This is where most of the latency lives. For my 272K context window, the runtime has to decide what fits and what gets truncated. Recent messages always win. Memory gets retrieved on relevance, not recency.

3. The ReAct loop fires. This is the core of OpenClaw's engineering. The LLM receives the assembled context and does one of two things: respond directly, or request a tool call.
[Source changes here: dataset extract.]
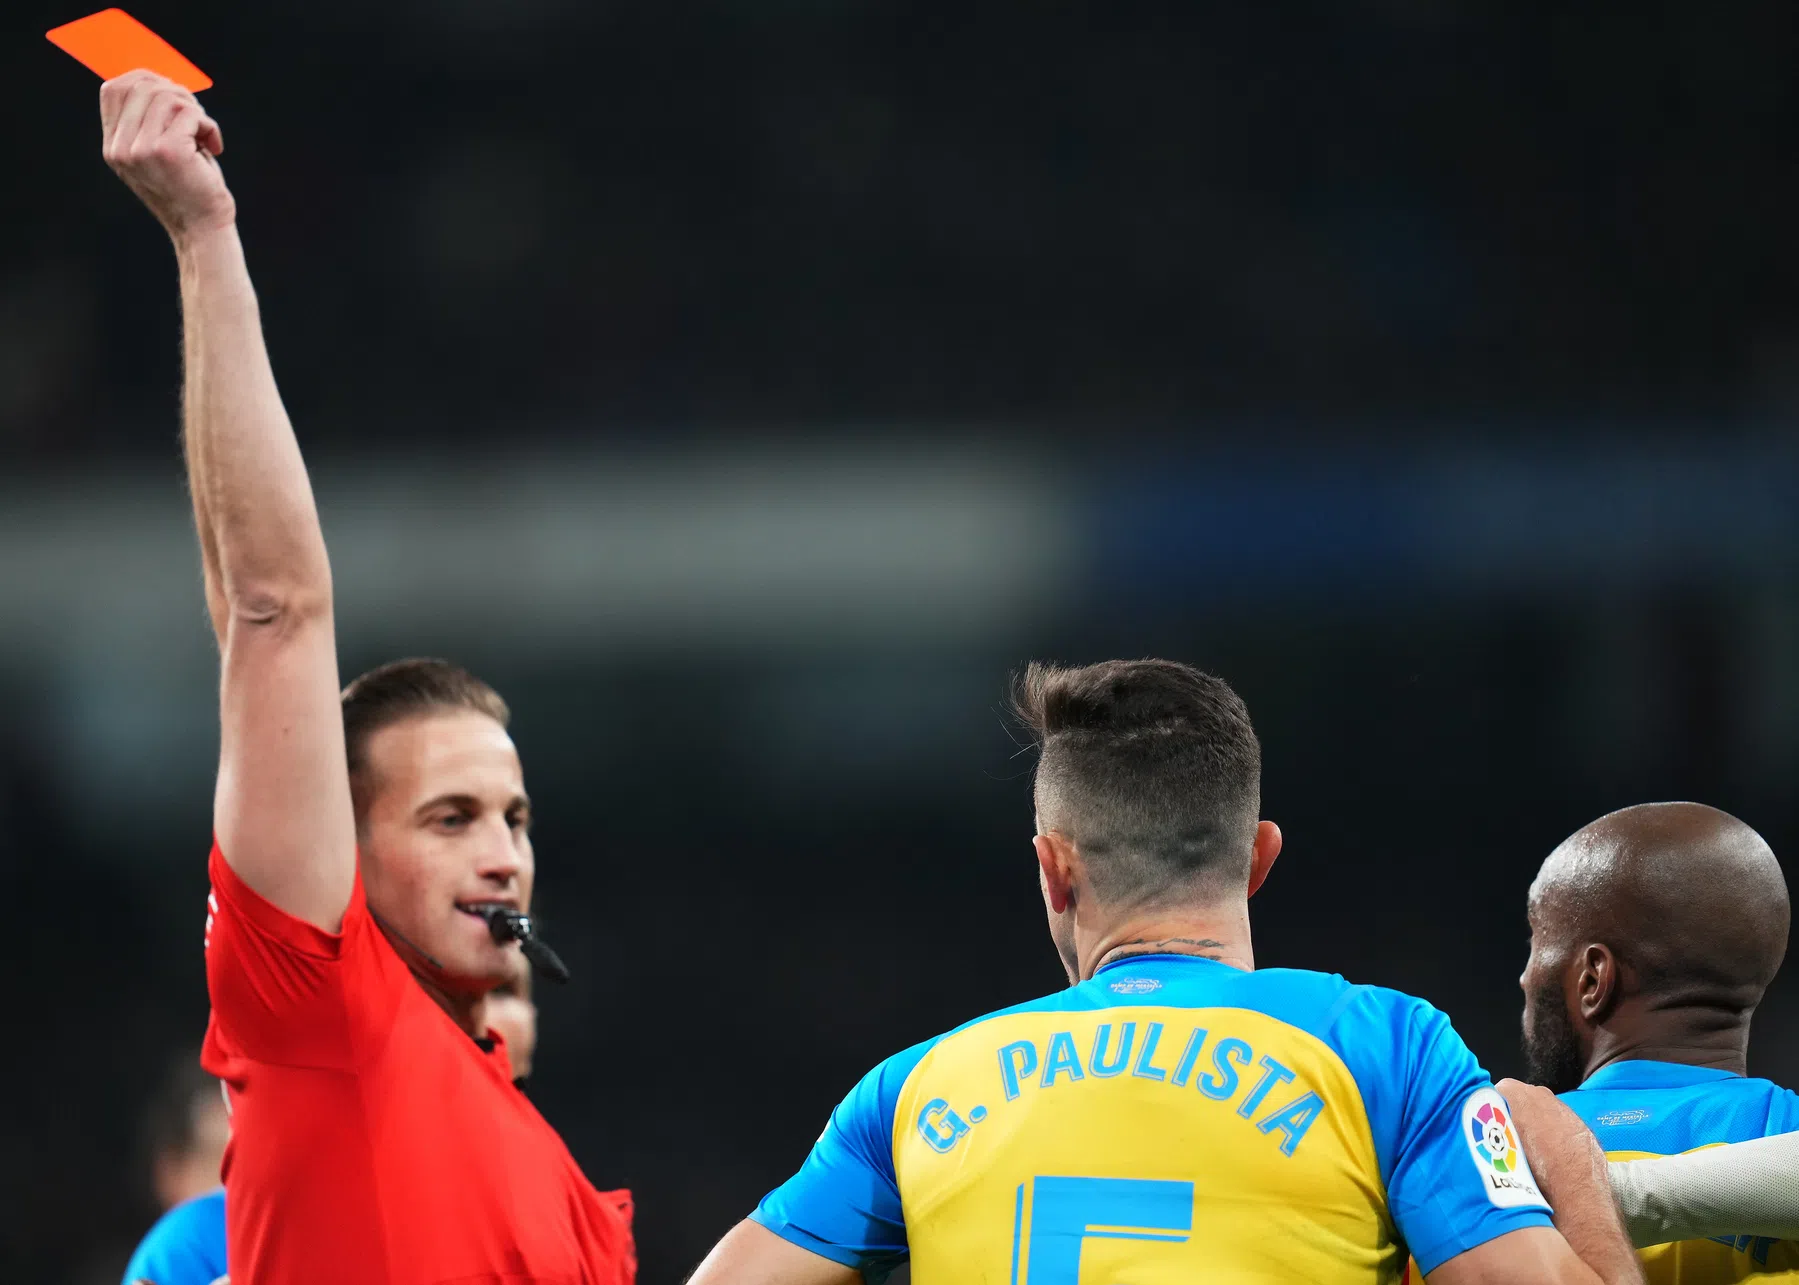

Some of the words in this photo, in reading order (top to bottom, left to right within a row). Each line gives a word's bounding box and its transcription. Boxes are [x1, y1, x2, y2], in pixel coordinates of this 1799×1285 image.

If it requests a tool call (like gog gmail search "is:unread"), the Agent Runtime intercepts the request, executes the tool in a sandboxed environment, captures the stdout/stderr, and feeds the result back into the conversation as a new message. The LLM then sees the tool output and decides: respond to the user, or call another tool.

This Reason → Act → Observe loop keeps running until the LLM emits a final response with no tool calls. A simple email check takes 1-2 iterations. A complex research query through Brave Search + Playwright can take 5-6. The first time I watched it chain six tool calls in a row to answer a single question, I realized this wasn't a chatbot — it was an execution environment.

4. Response dispatch. The final text goes back through the same WebSocket channel. Session state — the full conversation, including every tool call and its result — gets persisted as JSONL in ~/.openclaw/agents/main/sessions/. Nothing is ephemeral. Every interaction is auditable.

The whole thing runs as a single Node.js process. No container orchestration, no Kubernetes, no queue workers. One process, one port (18789), bound to localhost. That's how a $6 VPS handles it.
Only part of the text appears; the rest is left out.